SEGURANÇA E PRIVACIDADE
Decisão da ANPD sobre o Discord abre precedente para a criptografia no Brasil
Agência Nacional de Proteção de Dados determinou a suspensão da função GoLive após caso envolvendo menor; especialistas alertam para riscos à criptografia.
A ANPD (Agência Nacional de Proteção de Dados) ordenou a suspensão da função GoLive do Discord, ferramenta que permite o compartilhamento de tela em tempo real entre usuários. A decisão foi comunicada nesta quarta-feira (12) e estabelece um prazo de três dias úteis para que a plataforma desative o recurso, sob justificativa de que a empresa não adota medidas eficazes para impedir a exposição de crianças e adolescentes a conteúdos danosos.
A determinação da agência fundamenta-se em um episódio envolvendo uma adolescente de 13 anos, supostamente induzida ao suicídio por um grupo que utilizava a plataforma. Autoridades do Ministério da Justiça indicam que vestígios do caso foram rastreados em um servidor da rede.

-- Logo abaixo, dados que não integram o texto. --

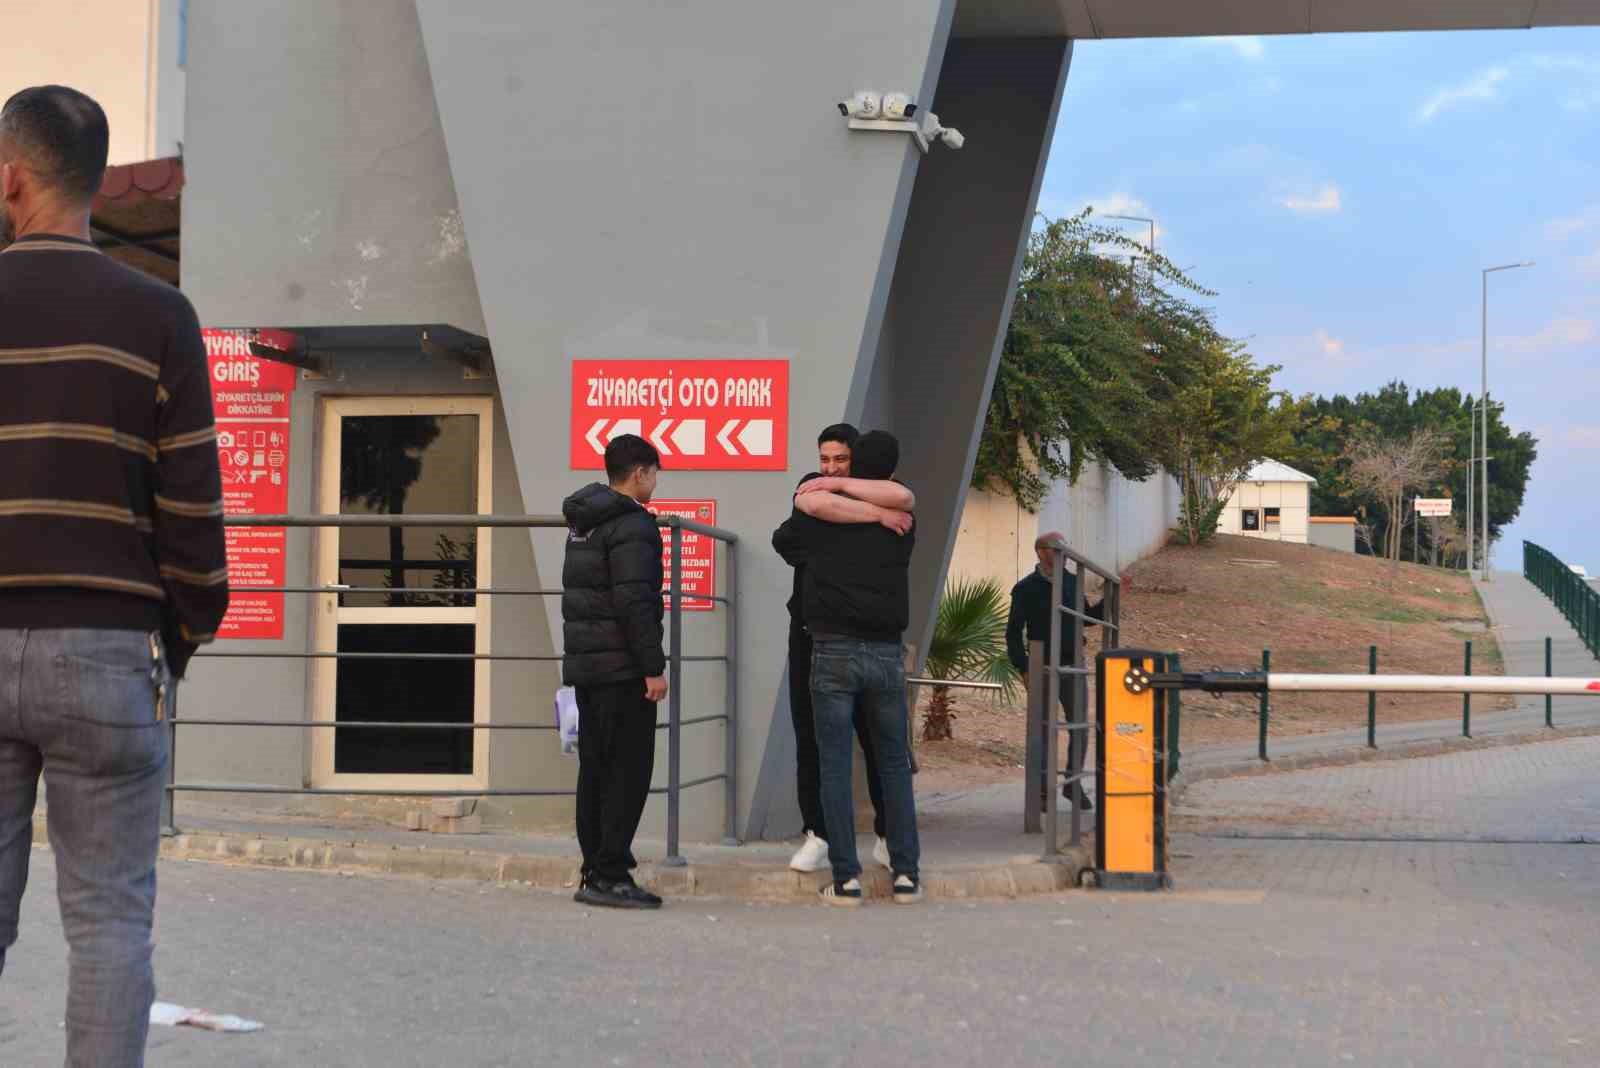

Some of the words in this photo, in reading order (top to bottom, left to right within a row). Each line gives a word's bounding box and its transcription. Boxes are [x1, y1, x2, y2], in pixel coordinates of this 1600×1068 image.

Em contrapartida, o Discord classificou a sanção como prematura e sustentou, por meio de nota, que investigações internas apontam que a articulação criminosa era coordenada em outros ambientes digitais antes mesmo da criação do servidor específico.

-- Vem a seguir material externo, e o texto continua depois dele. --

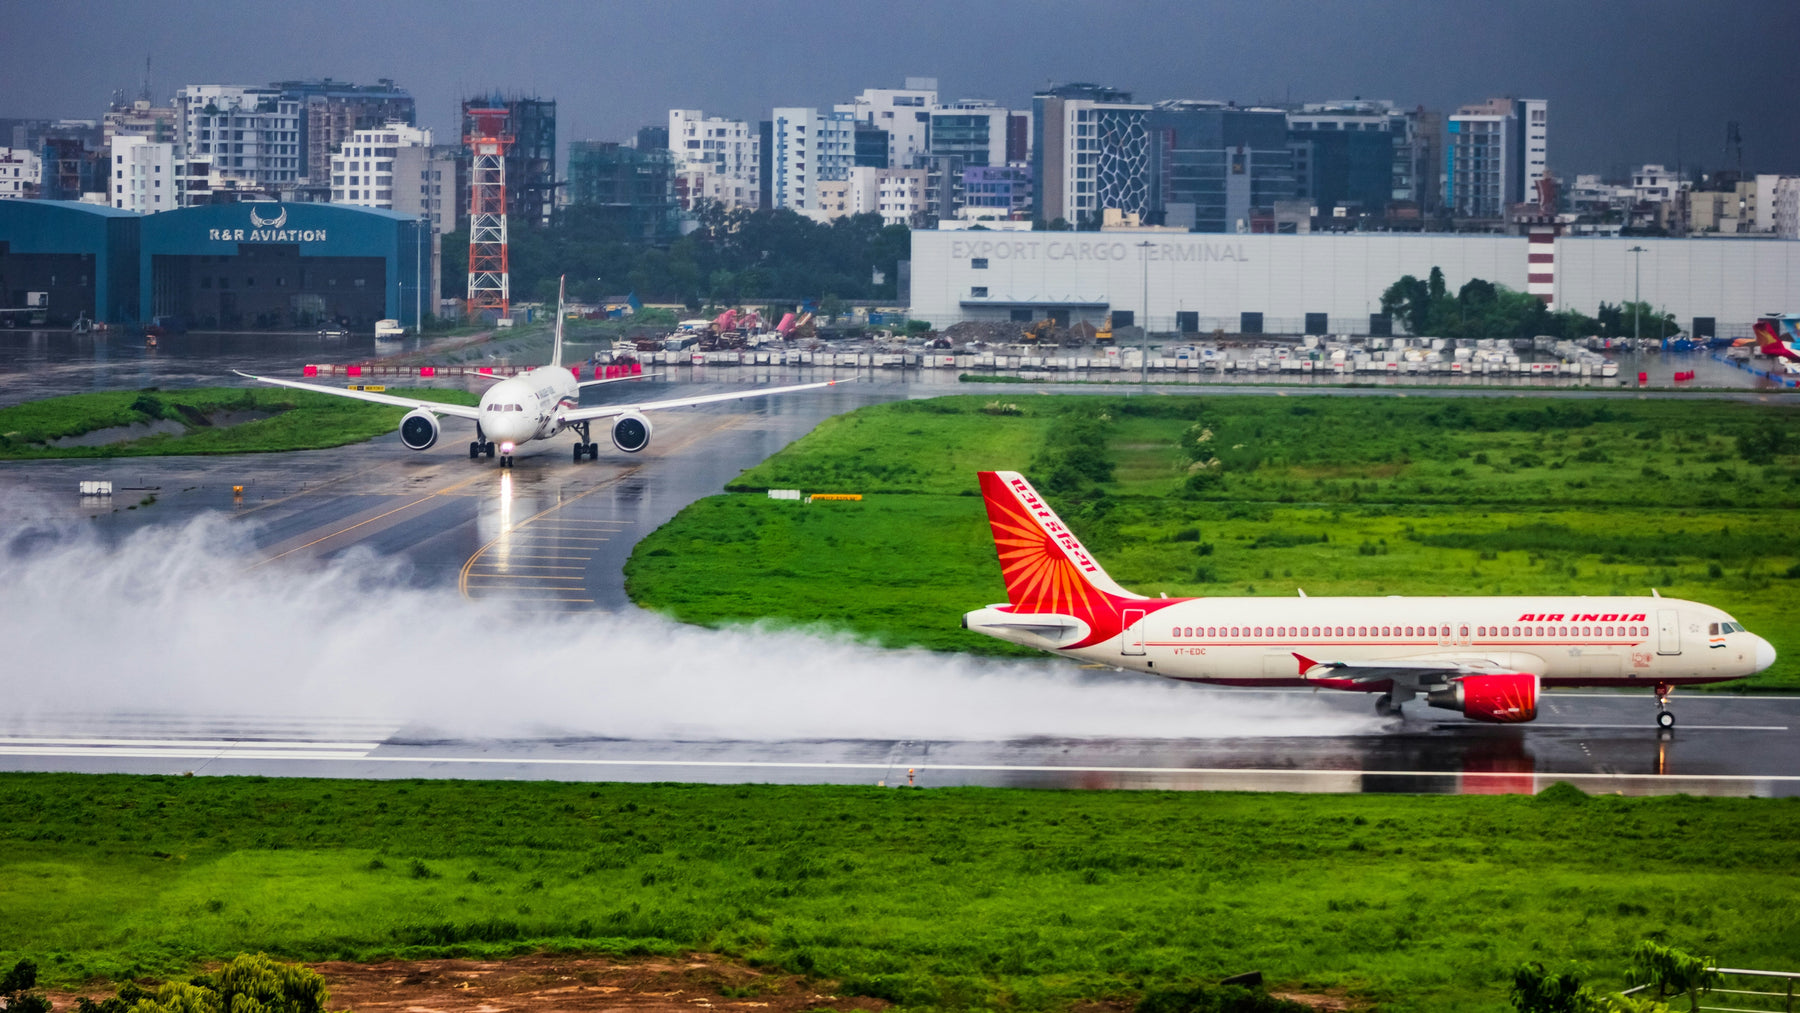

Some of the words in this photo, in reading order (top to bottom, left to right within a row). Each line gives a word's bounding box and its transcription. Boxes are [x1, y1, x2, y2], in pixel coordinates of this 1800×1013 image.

[209, 228, 245, 241] R&R
[249, 229, 327, 242] AVIATION
[951, 240, 1040, 261] EXPORT
[1046, 241, 1127, 261] CARGO
[1136, 243, 1249, 262] TERMINAL
[1517, 613, 1565, 622] AIR
[1570, 613, 1647, 622] INDIA
[1173, 648, 1206, 656] VT-EDC

O cenário político ganhou contornos intensos na semana passada, quando a primeira-dama, Rosângela da Silva, a Janja, defendeu o banimento do Discord em solo nacional. A fala ocorreu durante um evento no Palácio do Planalto voltado à sanção de normas que endurecem o combate à violência sexual contra menores.

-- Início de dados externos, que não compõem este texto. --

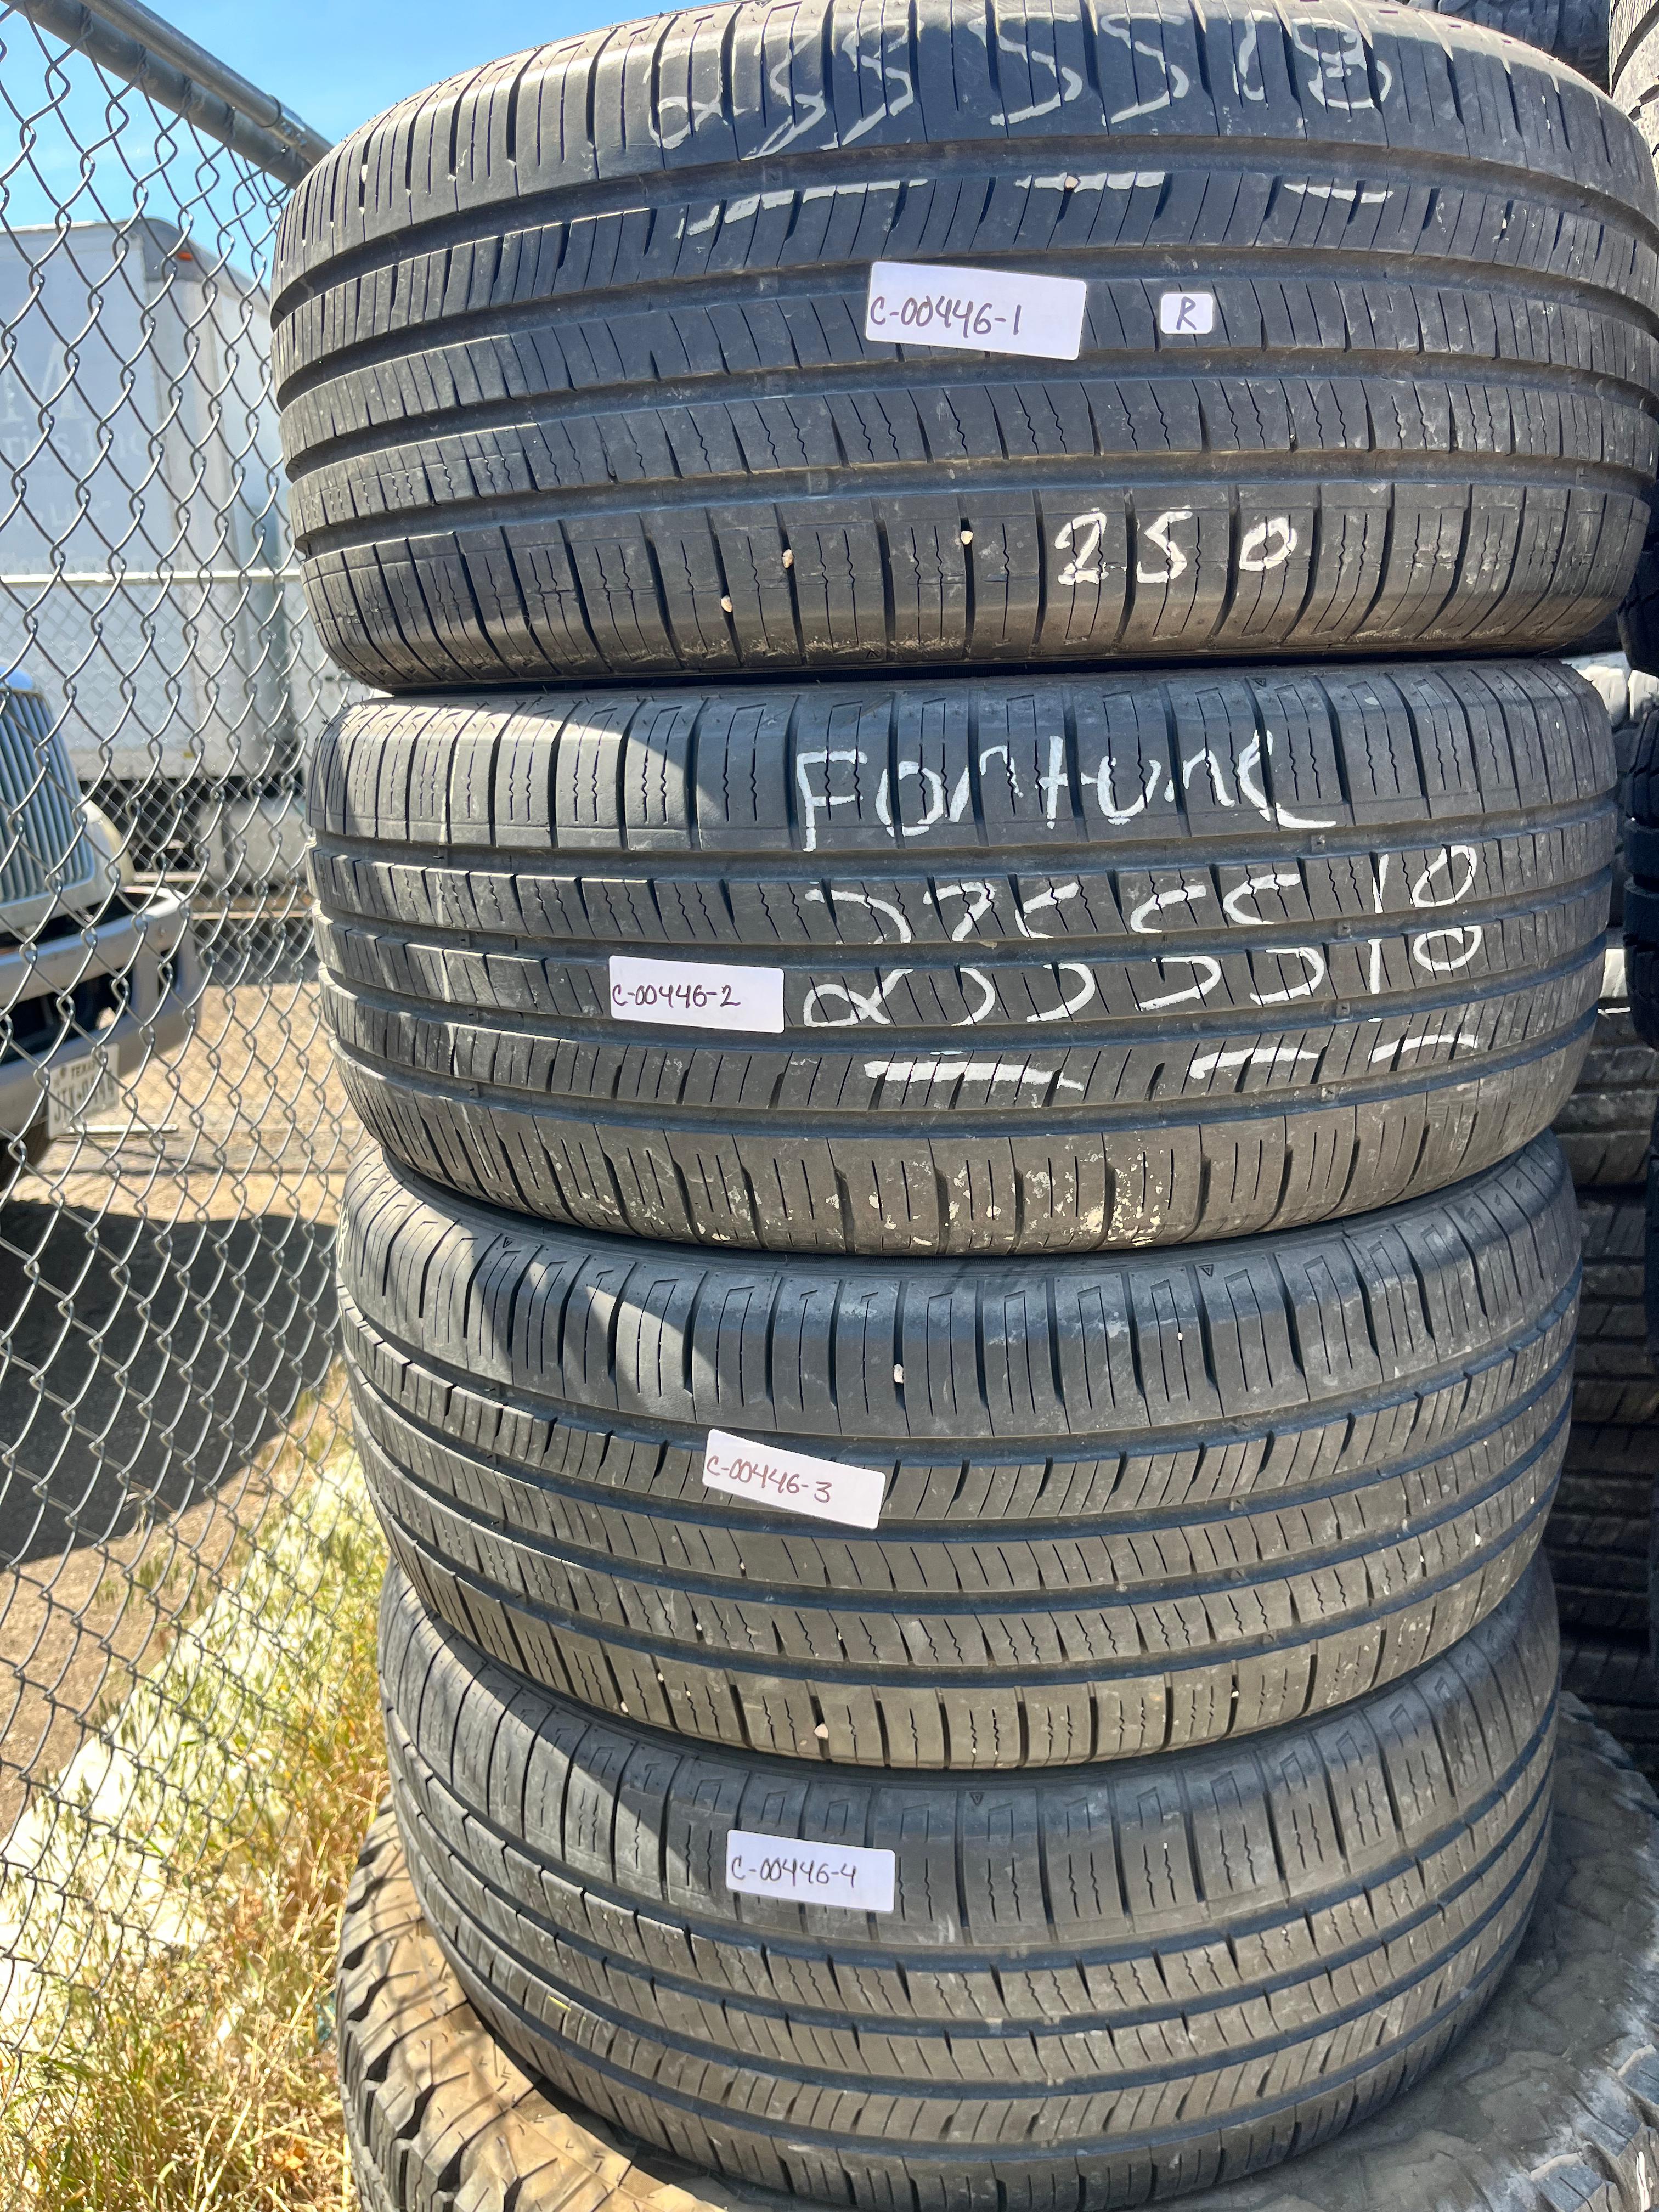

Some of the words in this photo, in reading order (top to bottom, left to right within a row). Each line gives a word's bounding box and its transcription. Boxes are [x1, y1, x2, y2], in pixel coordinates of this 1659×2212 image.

Carlos Affonso Souza, professor de Direito da UERJ e diretor do ITS, questiona a proporcionalidade da medida. Segundo o especialista, o bloqueio de uma funcionalidade central impacta usuários que utilizam o serviço para fins legítimos e pode gerar um efeito colateral indesejado: a migração de atores mal-intencionados para plataformas menos transparentes e sem representação legal no Brasil.
Um ponto central da discussão técnica envolve a criptografia de ponta a ponta. Pela primeira vez, a ANPD coloca a tecnologia no centro de um desafio regulatório, argumentando que ela dificulta a moderação de conteúdos. Para especialistas, o posicionamento cria um precedente delicado, lembrando episódios anteriores envolvendo o WhatsApp e levantando debates sobre o equilíbrio entre a proteção de direitos fundamentais e o combate a ilícitos digitais.